Une génération nous sépare et nous lie.

« La lumière, la lumière ! » Fernand irradie, sa parole illumine. Il partage son bonheur couleur-lumière, ses associations sont vivifiantes. De sa fenêtre, dès qu’il peut, il saisit la lumière, la note, et travaille sans relâche à la recréer. La lumière attise son courage ; Leduc l’attire par couches superposées, guidé par l’instinct sûr d’une technique précise.

Très jeune j’ai acquis un Leduc : mon préféré coûtait trois cents dollars que je n’avais pas. « Tant pis, je m’arrangerai ! » Le galeriste veut me présenter l’artiste. « Non, non non, ce n’est pas nécessaire, c’est le tableau qui m’intéresse ! »Depuis, nous échangions cordialement à ma galerie où curieux de tout il aimait venir, convivial comme chez lui à Paris et à Montréal.

Nous proposons des Leduc à la galerie comme si nous le représentions : écho du coup de cœur qui résonne depuis tant d’années.

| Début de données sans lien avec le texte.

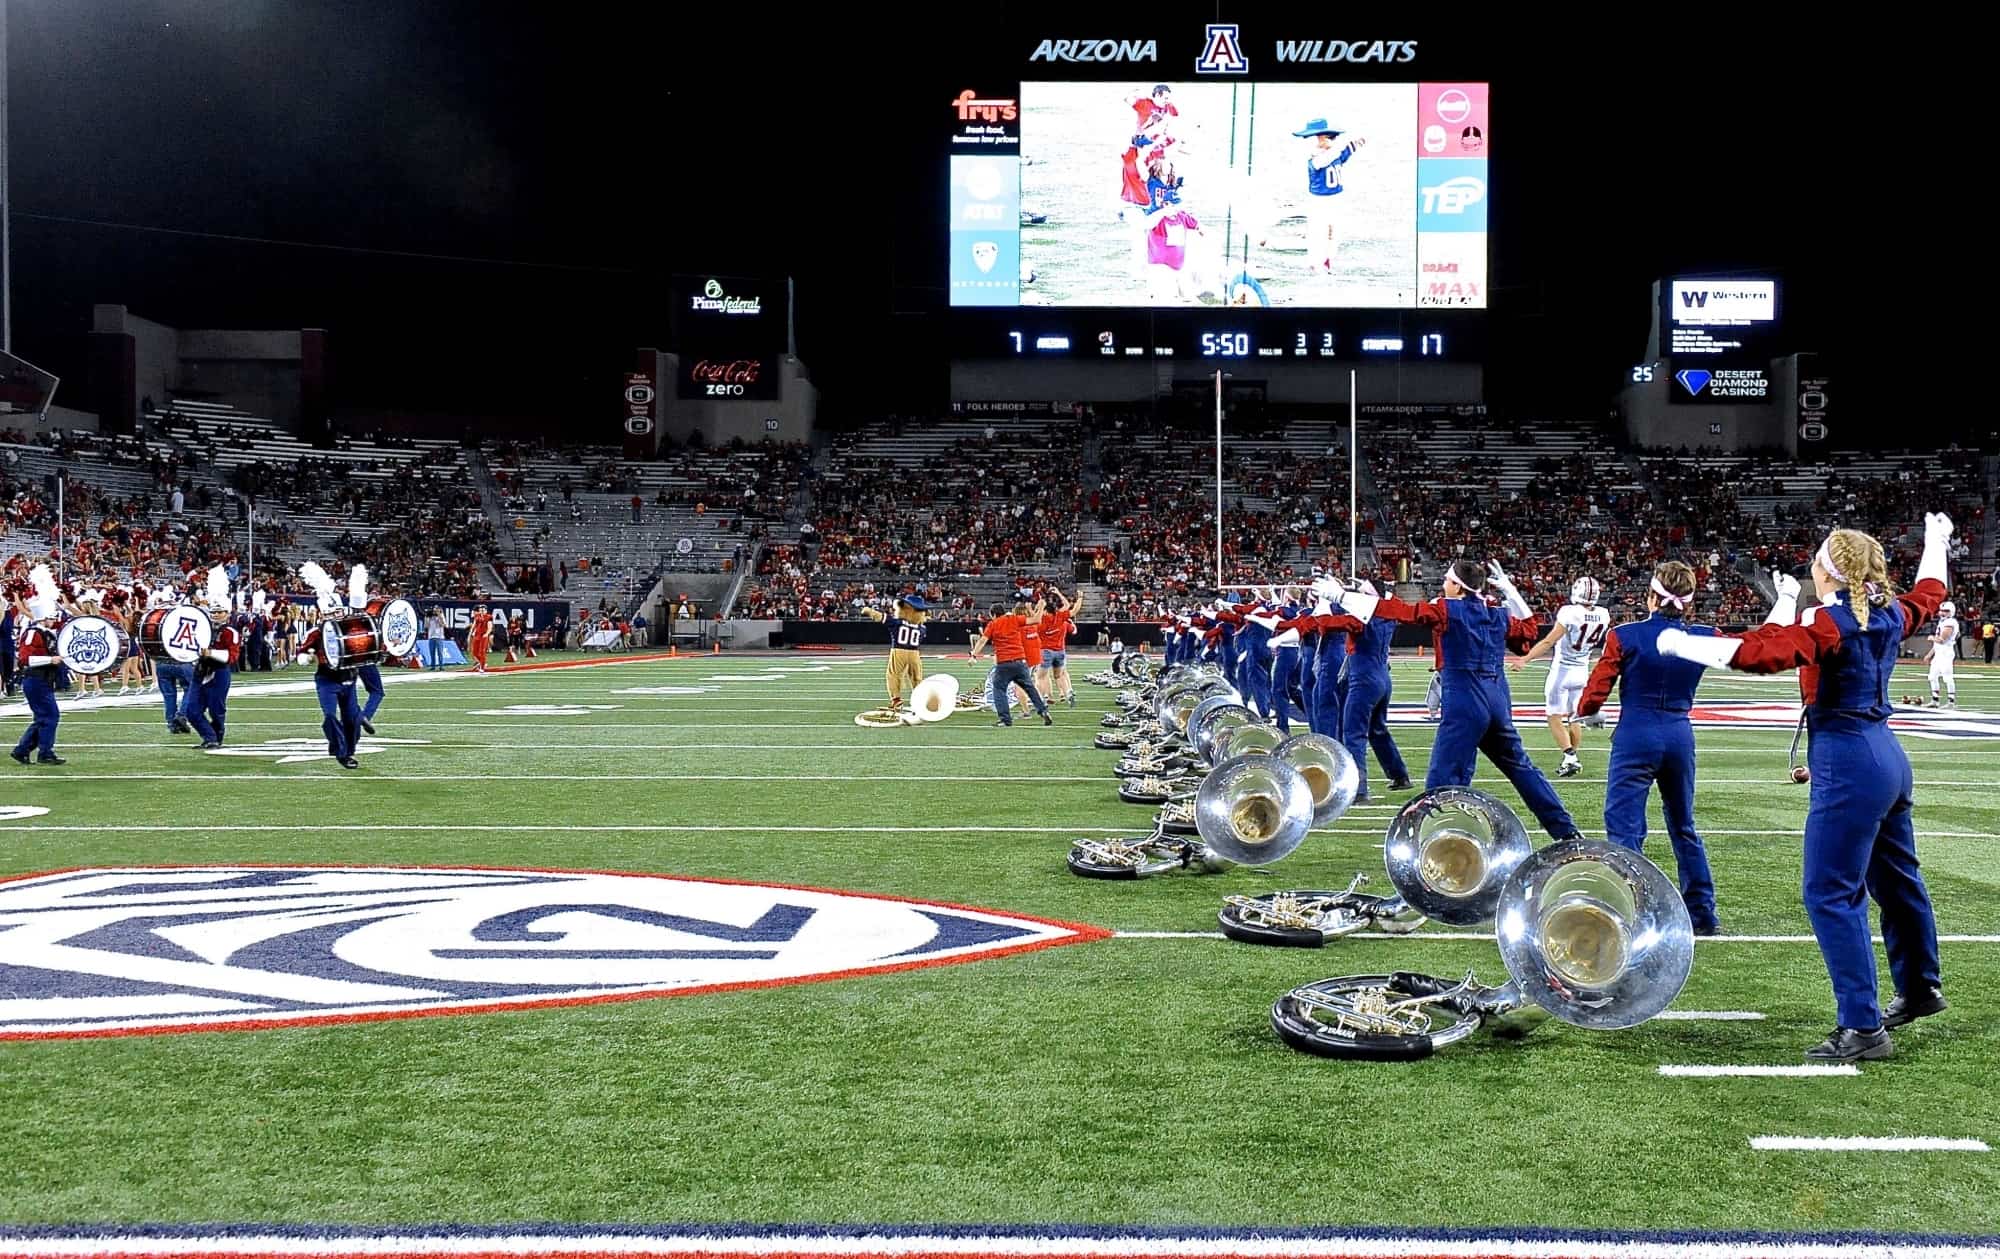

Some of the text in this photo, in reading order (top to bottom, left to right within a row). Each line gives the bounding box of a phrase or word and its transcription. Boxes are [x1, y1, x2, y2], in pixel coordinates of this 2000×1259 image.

[1029, 39, 1158, 62] ARIZONA
[1196, 24, 1249, 73] A
[1275, 40, 1418, 63] WILDCATS
[952, 89, 1017, 122] fry's
[1421, 177, 1484, 214] TEP
[1428, 281, 1482, 297] MAX
[1681, 291, 1709, 308] W
[1009, 332, 1022, 353] 7
[1202, 333, 1249, 356] 5:50
[1296, 333, 1306, 347] 3
[1323, 333, 1332, 347] 3
[1422, 334, 1442, 355] 17
[1633, 366, 1653, 381] 25
[1715, 370, 1763, 379] DESERT
[706, 384, 744, 395] zero
[1709, 378, 1769, 388] DIAMOND
[1711, 388, 1767, 396] CASINOS
[967, 403, 989, 411] FOLK
[991, 403, 1026, 411] HEROES
[766, 420, 778, 430] 10
[1710, 424, 1721, 433] 14
[169, 616, 200, 652] A
[897, 625, 921, 647] 00
[1572, 623, 1604, 652] 14

Fernand Leduc aurait 98 ans cette année. Étonnaient la fraîcheur de son regard, sa curiosité vive et, chose rare à tout âge, son intérêt pour les autres et une bonne humeur réjouissante. Nos rencontres chaleureuses, ouvertes à l’imprévu et à la confidence, l’étaient rarement au souvenir, encore moins au regret.

Son amitié me reste.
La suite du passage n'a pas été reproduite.